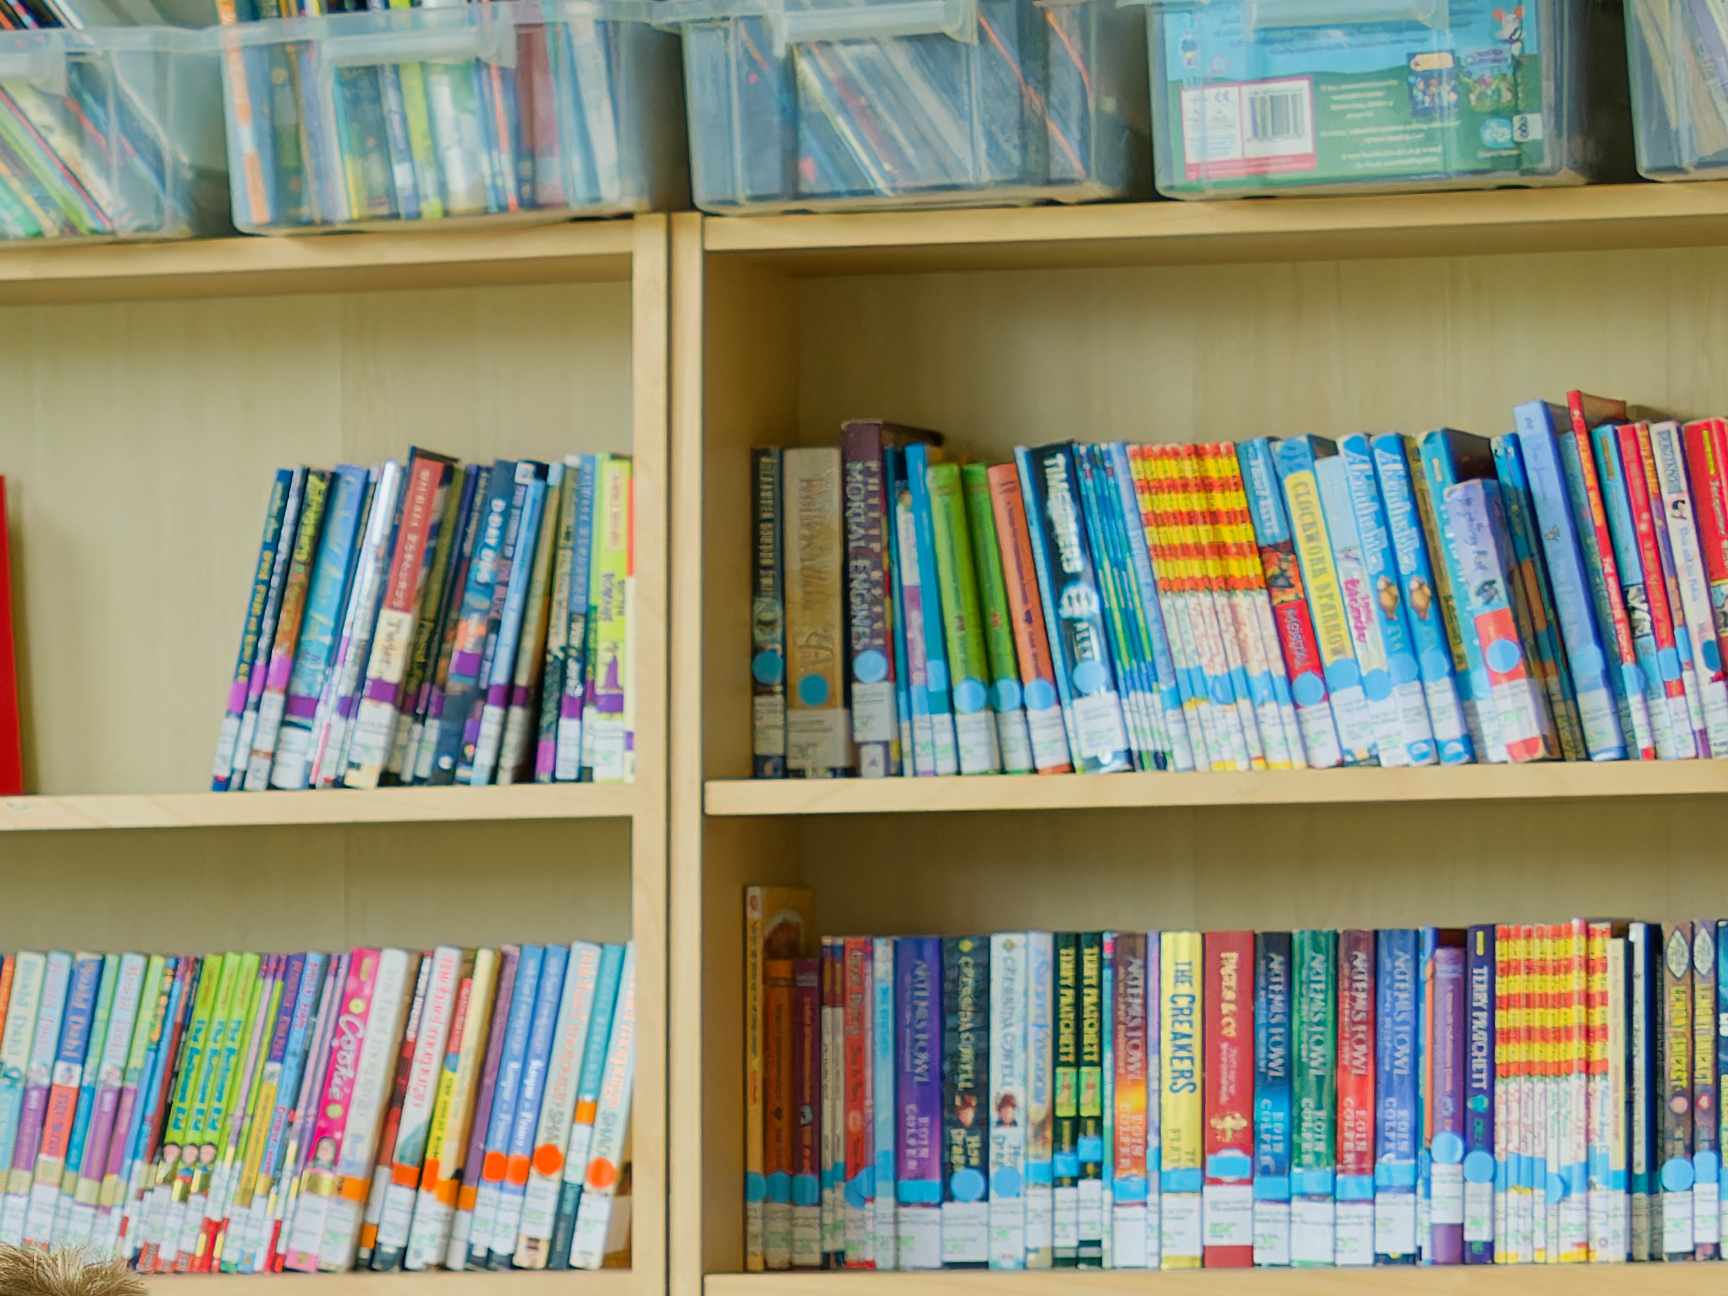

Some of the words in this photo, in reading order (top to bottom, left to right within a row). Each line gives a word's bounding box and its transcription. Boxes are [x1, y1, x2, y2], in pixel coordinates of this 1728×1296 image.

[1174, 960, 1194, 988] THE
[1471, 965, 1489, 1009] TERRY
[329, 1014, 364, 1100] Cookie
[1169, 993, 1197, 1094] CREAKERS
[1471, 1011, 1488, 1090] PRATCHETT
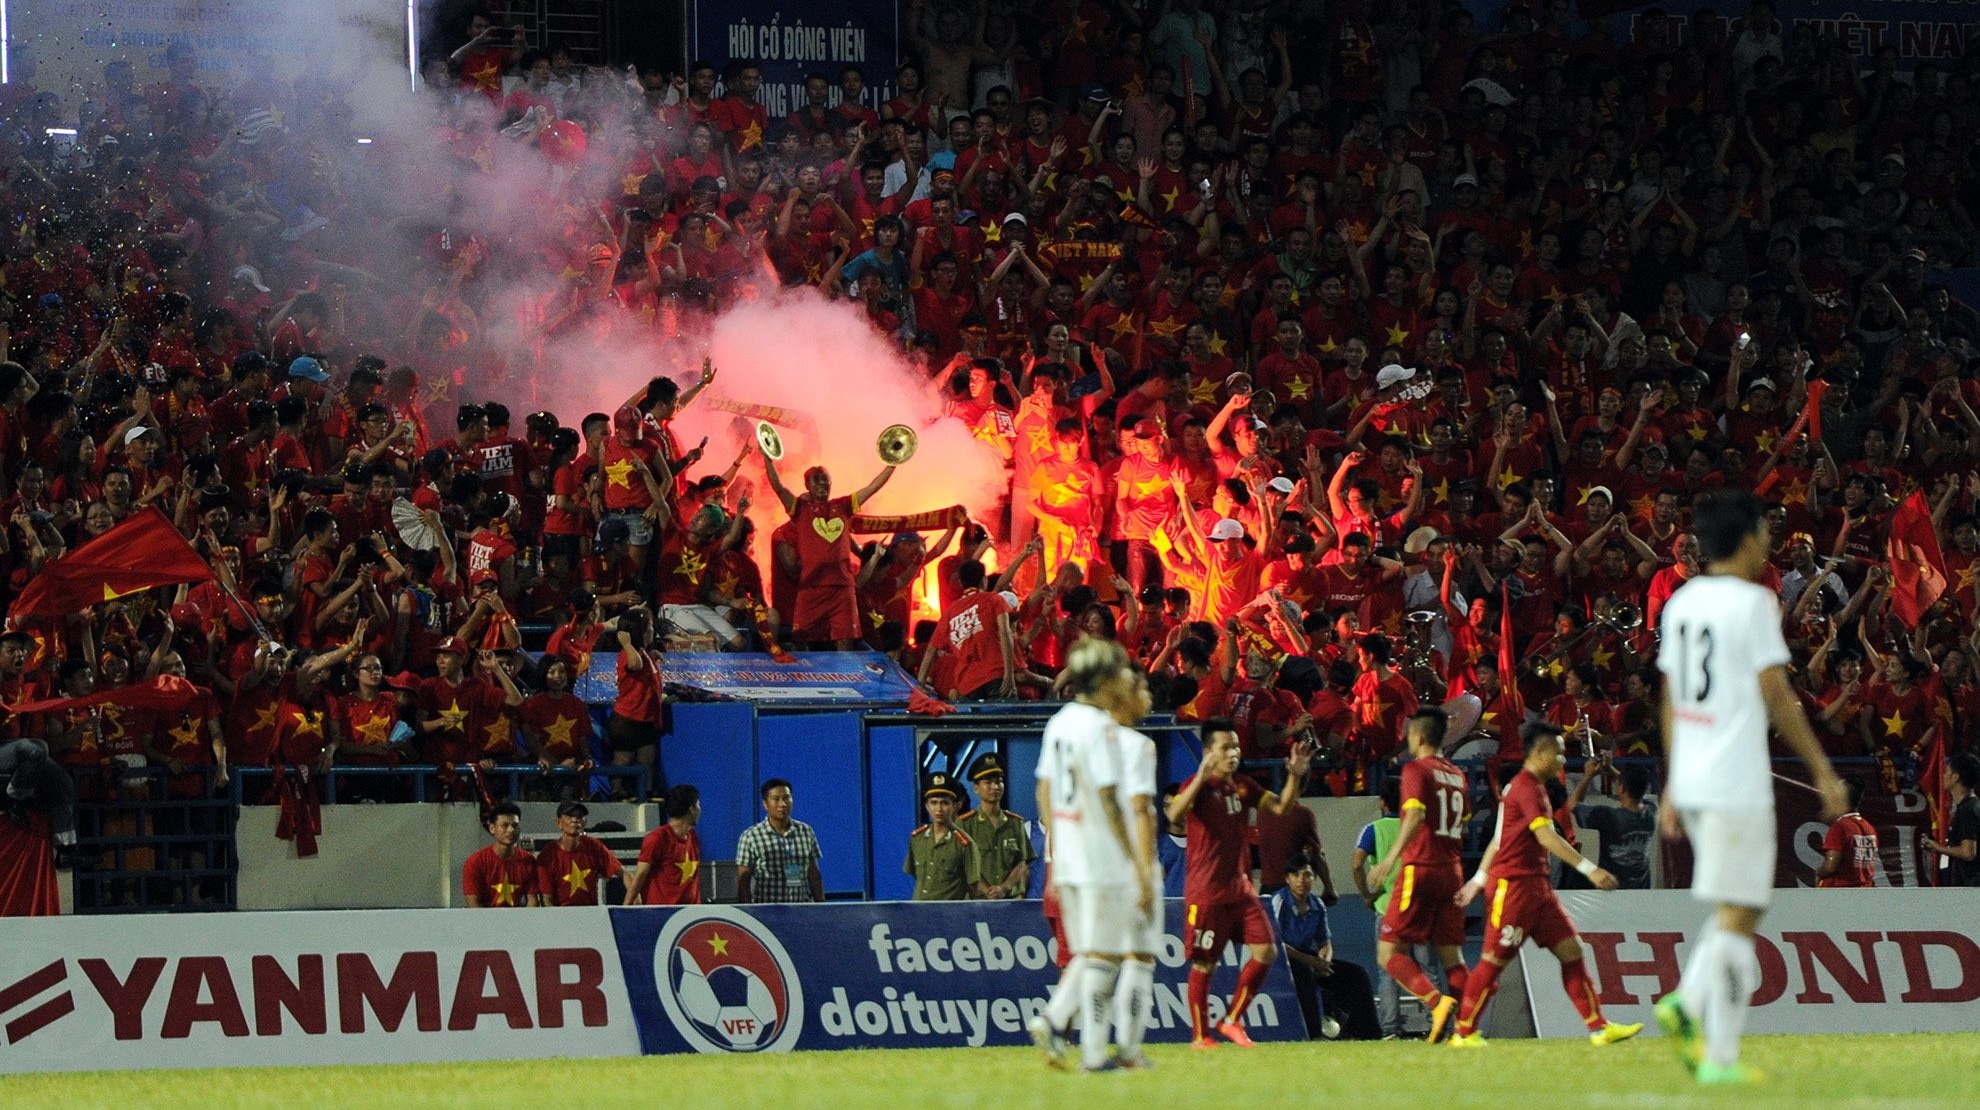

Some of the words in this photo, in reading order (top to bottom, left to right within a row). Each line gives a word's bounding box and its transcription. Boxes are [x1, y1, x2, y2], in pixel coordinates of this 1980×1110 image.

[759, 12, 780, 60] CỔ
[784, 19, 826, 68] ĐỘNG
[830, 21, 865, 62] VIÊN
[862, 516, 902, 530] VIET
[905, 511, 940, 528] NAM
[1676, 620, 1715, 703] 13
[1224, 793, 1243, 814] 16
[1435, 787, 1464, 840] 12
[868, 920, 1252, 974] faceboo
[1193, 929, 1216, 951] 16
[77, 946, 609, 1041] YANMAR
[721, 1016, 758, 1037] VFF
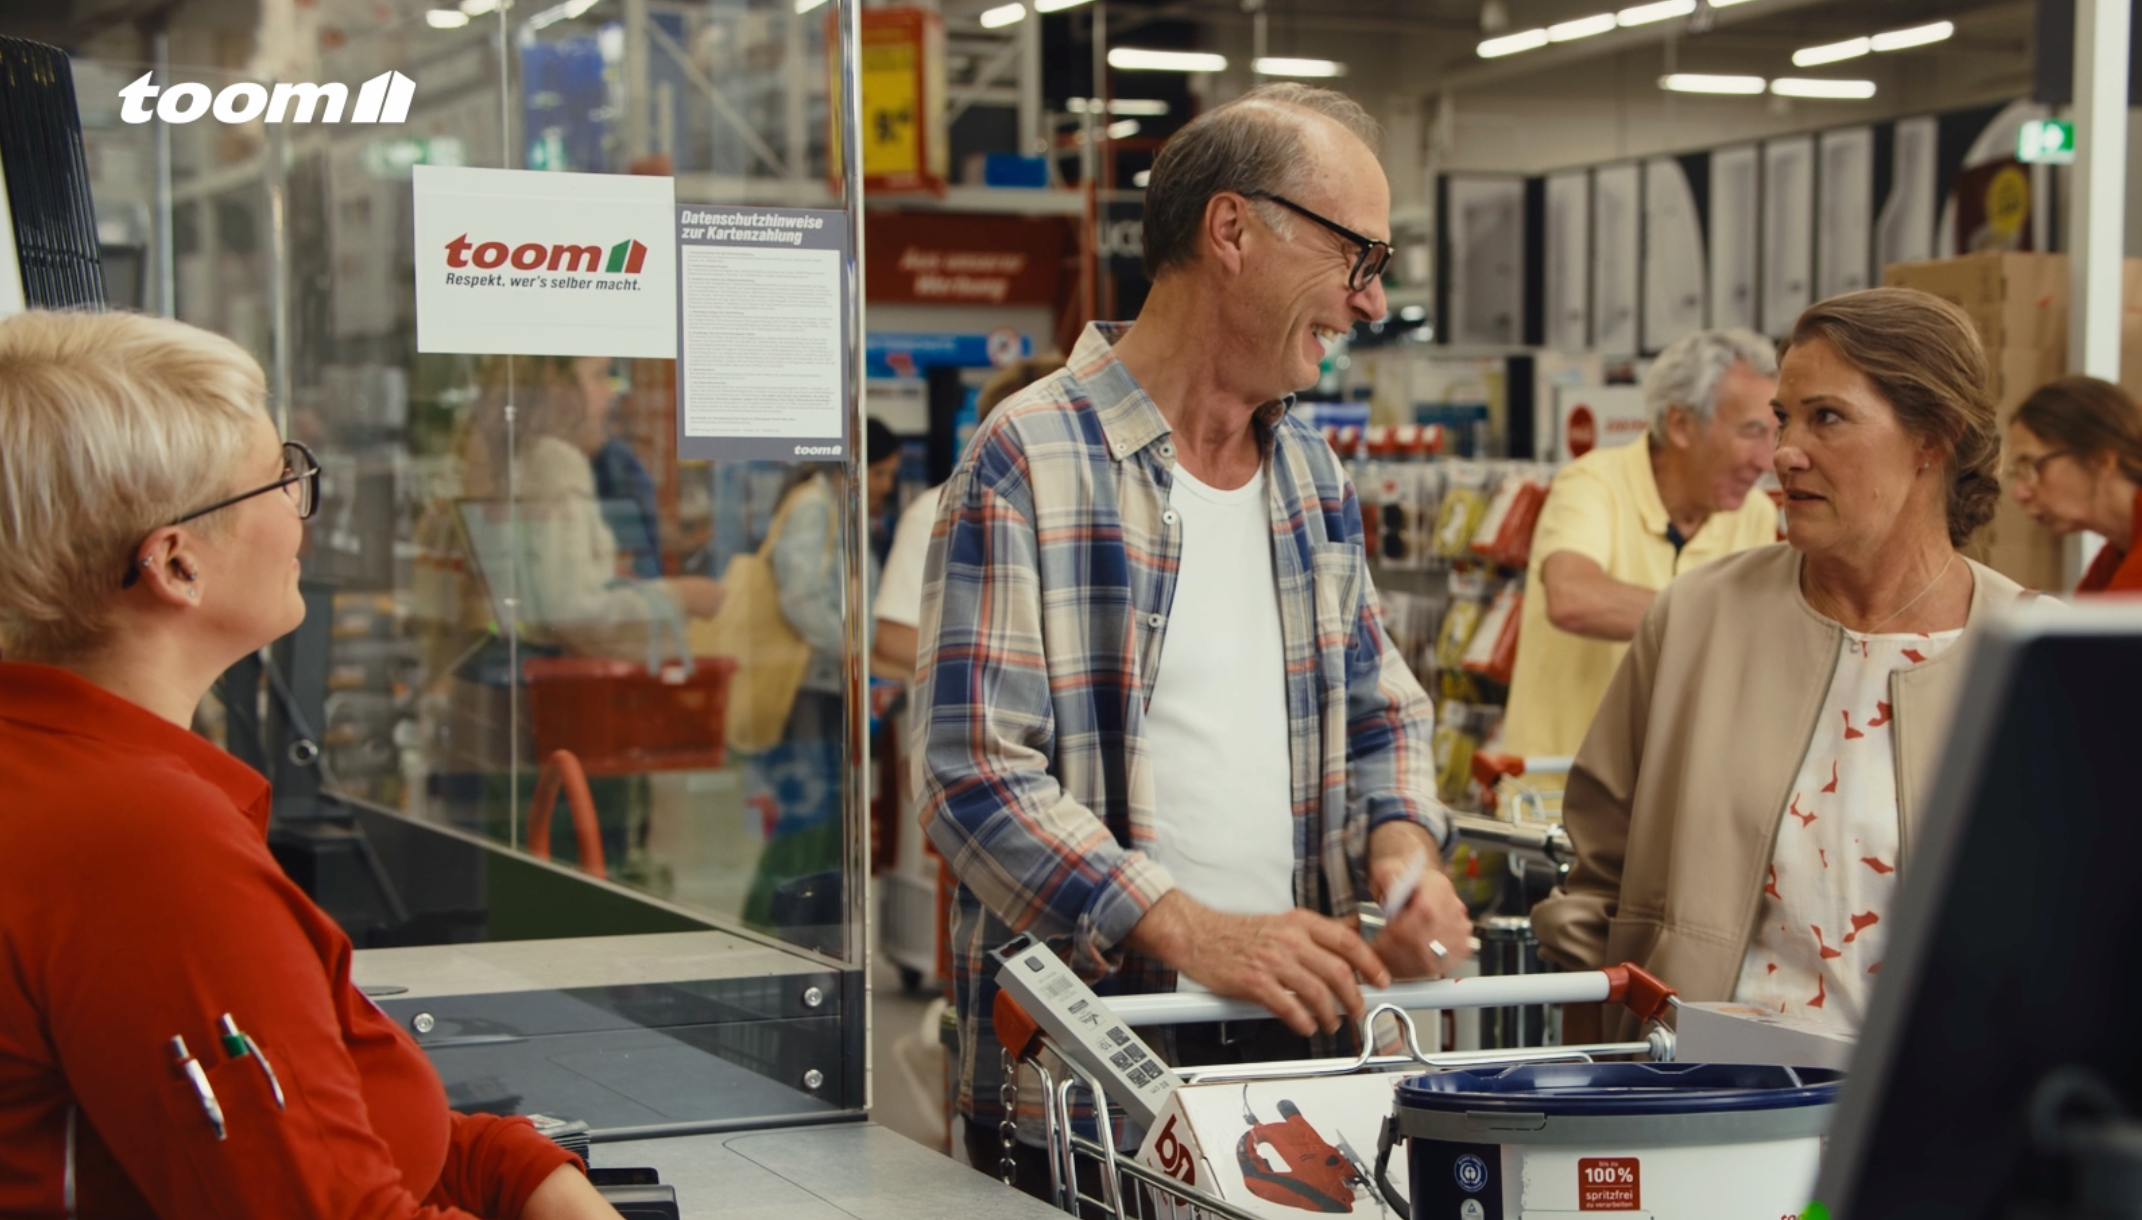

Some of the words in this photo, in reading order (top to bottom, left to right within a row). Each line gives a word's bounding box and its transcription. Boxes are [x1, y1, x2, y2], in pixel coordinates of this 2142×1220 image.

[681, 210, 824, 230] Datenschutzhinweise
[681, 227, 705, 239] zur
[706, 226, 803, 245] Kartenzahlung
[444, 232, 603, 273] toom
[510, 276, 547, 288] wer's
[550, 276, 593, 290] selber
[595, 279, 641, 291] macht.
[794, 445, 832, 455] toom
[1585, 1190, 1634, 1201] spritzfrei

- **PROMPT**: Leave the pictures out and copy exactly the lines from the one that holds "this 1980×1110 image." through the last line of the material.

- **PROBLEM SOLUTION**:
Some of the words in this photo, in reading order (top to bottom, left to right within a row). Each line gives a word's bounding box and its transcription. Boxes are [x1, y1, x2, y2], in pixel coordinates of this 1980×1110 image.

[759, 12, 780, 60] CỔ
[784, 19, 826, 68] ĐỘNG
[830, 21, 865, 62] VIÊN
[862, 516, 902, 530] VIET
[905, 511, 940, 528] NAM
[1676, 620, 1715, 703] 13
[1224, 793, 1243, 814] 16
[1435, 787, 1464, 840] 12
[868, 920, 1252, 974] faceboo
[1193, 929, 1216, 951] 16
[77, 946, 609, 1041] YANMAR
[721, 1016, 758, 1037] VFF

Some of the words in this photo, in reading order (top to bottom, left to right within a row). Each line gives a word's bounding box and its transcription. Boxes are [x1, y1, x2, y2], in pixel coordinates of this 2142×1220 image.

[681, 210, 824, 230] Datenschutzhinweise
[681, 227, 705, 239] zur
[706, 226, 803, 245] Kartenzahlung
[444, 232, 603, 273] toom
[510, 276, 547, 288] wer's
[550, 276, 593, 290] selber
[595, 279, 641, 291] macht.
[794, 445, 832, 455] toom
[1585, 1190, 1634, 1201] spritzfrei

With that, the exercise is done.